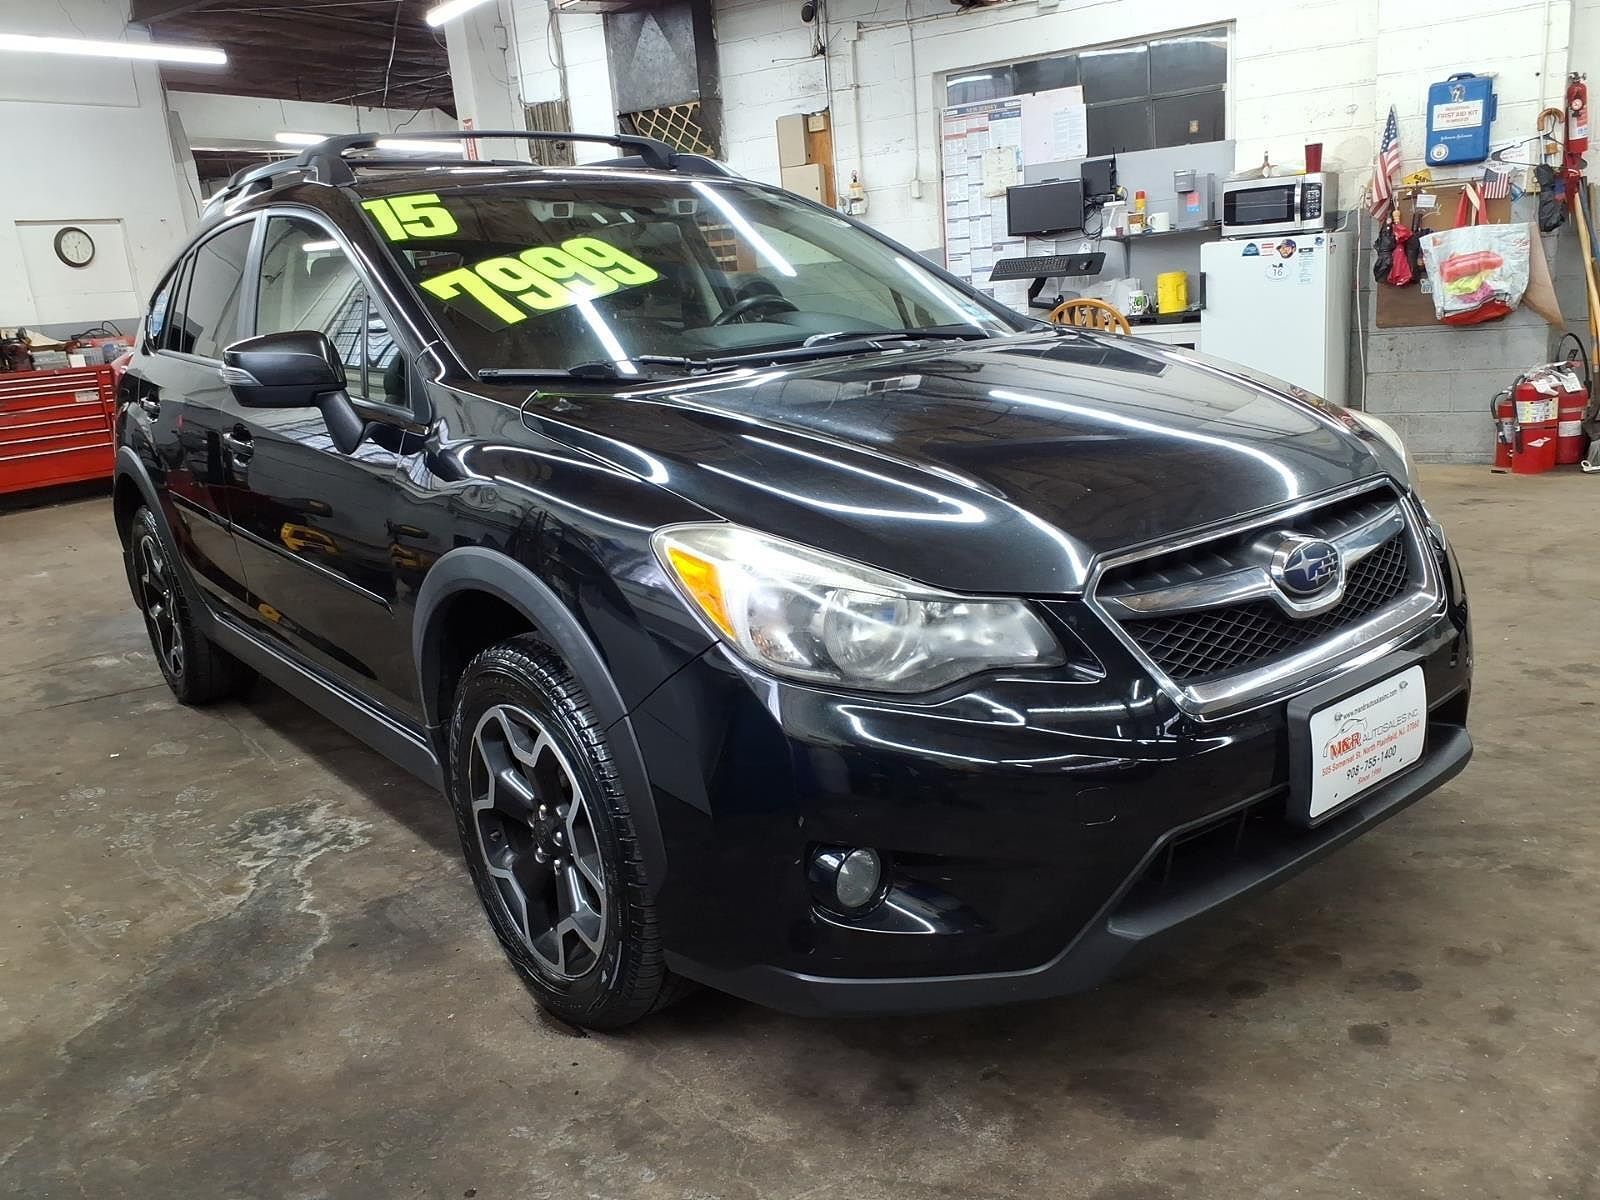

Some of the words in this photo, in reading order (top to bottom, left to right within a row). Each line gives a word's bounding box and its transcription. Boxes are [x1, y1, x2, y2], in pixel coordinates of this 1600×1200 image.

[361, 193, 459, 241] 15
[419, 237, 659, 325] 7999
[1273, 268, 1283, 277] 16
[1330, 731, 1362, 760] M&R
[1362, 743, 1376, 756] North

**PROBLEM DETAILS**
Retype all of the material above exactly; the pictures stay out.

**COMPLETED TASK**
Some of the words in this photo, in reading order (top to bottom, left to right within a row). Each line gives a word's bounding box and its transcription. Boxes are [x1, y1, x2, y2], in pixel coordinates of this 1600×1200 image.

[361, 193, 459, 241] 15
[419, 237, 659, 325] 7999
[1273, 268, 1283, 277] 16
[1330, 731, 1362, 760] M&R
[1362, 743, 1376, 756] North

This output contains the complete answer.